Task prompt
Set down all of the data that follows, keeping every character.

========================================

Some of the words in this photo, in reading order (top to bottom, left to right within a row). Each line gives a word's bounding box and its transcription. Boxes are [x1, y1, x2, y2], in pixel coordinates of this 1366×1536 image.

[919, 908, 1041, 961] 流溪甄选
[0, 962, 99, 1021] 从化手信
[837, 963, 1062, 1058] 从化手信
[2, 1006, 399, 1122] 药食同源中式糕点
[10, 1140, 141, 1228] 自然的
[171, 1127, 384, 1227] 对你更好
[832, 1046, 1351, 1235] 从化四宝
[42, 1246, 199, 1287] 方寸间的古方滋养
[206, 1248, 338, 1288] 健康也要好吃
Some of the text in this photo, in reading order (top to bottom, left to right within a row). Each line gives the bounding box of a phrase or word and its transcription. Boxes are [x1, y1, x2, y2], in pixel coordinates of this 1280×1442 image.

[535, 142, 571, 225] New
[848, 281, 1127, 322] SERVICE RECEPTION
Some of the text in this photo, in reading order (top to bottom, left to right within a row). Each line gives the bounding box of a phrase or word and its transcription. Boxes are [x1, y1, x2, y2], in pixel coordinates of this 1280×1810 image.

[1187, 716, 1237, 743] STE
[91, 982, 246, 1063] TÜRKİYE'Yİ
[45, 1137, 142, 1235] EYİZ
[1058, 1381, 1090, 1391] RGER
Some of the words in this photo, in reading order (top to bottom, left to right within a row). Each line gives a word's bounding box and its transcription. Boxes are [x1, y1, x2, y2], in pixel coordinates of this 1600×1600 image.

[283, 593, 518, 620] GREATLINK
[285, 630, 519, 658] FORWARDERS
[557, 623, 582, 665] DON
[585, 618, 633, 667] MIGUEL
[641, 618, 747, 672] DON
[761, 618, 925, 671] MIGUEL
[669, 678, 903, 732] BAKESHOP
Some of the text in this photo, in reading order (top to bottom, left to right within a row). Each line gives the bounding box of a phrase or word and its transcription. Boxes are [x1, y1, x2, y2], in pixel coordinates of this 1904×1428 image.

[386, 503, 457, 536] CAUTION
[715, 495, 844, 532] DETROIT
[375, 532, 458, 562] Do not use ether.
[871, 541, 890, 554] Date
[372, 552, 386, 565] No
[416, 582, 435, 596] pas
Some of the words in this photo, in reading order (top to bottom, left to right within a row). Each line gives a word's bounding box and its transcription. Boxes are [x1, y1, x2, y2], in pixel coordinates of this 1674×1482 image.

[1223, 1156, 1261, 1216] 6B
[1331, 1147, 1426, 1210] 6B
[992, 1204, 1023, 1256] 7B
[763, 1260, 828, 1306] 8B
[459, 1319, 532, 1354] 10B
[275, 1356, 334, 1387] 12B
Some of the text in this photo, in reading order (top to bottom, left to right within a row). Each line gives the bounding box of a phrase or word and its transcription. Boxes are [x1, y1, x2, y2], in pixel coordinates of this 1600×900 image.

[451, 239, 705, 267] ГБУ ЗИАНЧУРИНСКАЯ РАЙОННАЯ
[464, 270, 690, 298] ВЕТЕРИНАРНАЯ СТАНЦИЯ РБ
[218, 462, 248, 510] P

========================================

Answer box
Some of the words in this photo, in reading order (top to bottom, left to right within a row). Each line gives a word's bounding box and its transcription. Boxes are [x1, y1, x2, y2], in pixel coordinates of this 1366×1536 image.

[919, 908, 1041, 961] 流溪甄选
[0, 962, 99, 1021] 从化手信
[837, 963, 1062, 1058] 从化手信
[2, 1006, 399, 1122] 药食同源中式糕点
[10, 1140, 141, 1228] 自然的
[171, 1127, 384, 1227] 对你更好
[832, 1046, 1351, 1235] 从化四宝
[42, 1246, 199, 1287] 方寸间的古方滋养
[206, 1248, 338, 1288] 健康也要好吃
Some of the text in this photo, in reading order (top to bottom, left to right within a row). Each line gives the bounding box of a phrase or word and its transcription. Boxes are [x1, y1, x2, y2], in pixel coordinates of this 1280×1442 image.

[535, 142, 571, 225] New
[848, 281, 1127, 322] SERVICE RECEPTION
Some of the text in this photo, in reading order (top to bottom, left to right within a row). Each line gives the bounding box of a phrase or word and its transcription. Boxes are [x1, y1, x2, y2], in pixel coordinates of this 1280×1810 image.

[1187, 716, 1237, 743] STE
[91, 982, 246, 1063] TÜRKİYE'Yİ
[45, 1137, 142, 1235] EYİZ
[1058, 1381, 1090, 1391] RGER
Some of the words in this photo, in reading order (top to bottom, left to right within a row). Each line gives a word's bounding box and its transcription. Boxes are [x1, y1, x2, y2], in pixel coordinates of this 1600×1600 image.

[283, 593, 518, 620] GREATLINK
[285, 630, 519, 658] FORWARDERS
[557, 623, 582, 665] DON
[585, 618, 633, 667] MIGUEL
[641, 618, 747, 672] DON
[761, 618, 925, 671] MIGUEL
[669, 678, 903, 732] BAKESHOP
Some of the text in this photo, in reading order (top to bottom, left to right within a row). Each line gives the bounding box of a phrase or word and its transcription. Boxes are [x1, y1, x2, y2], in pixel coordinates of this 1904×1428 image.

[386, 503, 457, 536] CAUTION
[715, 495, 844, 532] DETROIT
[375, 532, 458, 562] Do not use ether.
[871, 541, 890, 554] Date
[372, 552, 386, 565] No
[416, 582, 435, 596] pas
Some of the words in this photo, in reading order (top to bottom, left to right within a row). Each line gives a word's bounding box and its transcription. Boxes are [x1, y1, x2, y2], in pixel coordinates of this 1674×1482 image.

[1223, 1156, 1261, 1216] 6B
[1331, 1147, 1426, 1210] 6B
[992, 1204, 1023, 1256] 7B
[763, 1260, 828, 1306] 8B
[459, 1319, 532, 1354] 10B
[275, 1356, 334, 1387] 12B
Some of the text in this photo, in reading order (top to bottom, left to right within a row). Each line gives the bounding box of a phrase or word and its transcription. Boxes are [x1, y1, x2, y2], in pixel coordinates of this 1600×900 image.

[451, 239, 705, 267] ГБУ ЗИАНЧУРИНСКАЯ РАЙОННАЯ
[464, 270, 690, 298] ВЕТЕРИНАРНАЯ СТАНЦИЯ РБ
[218, 462, 248, 510] P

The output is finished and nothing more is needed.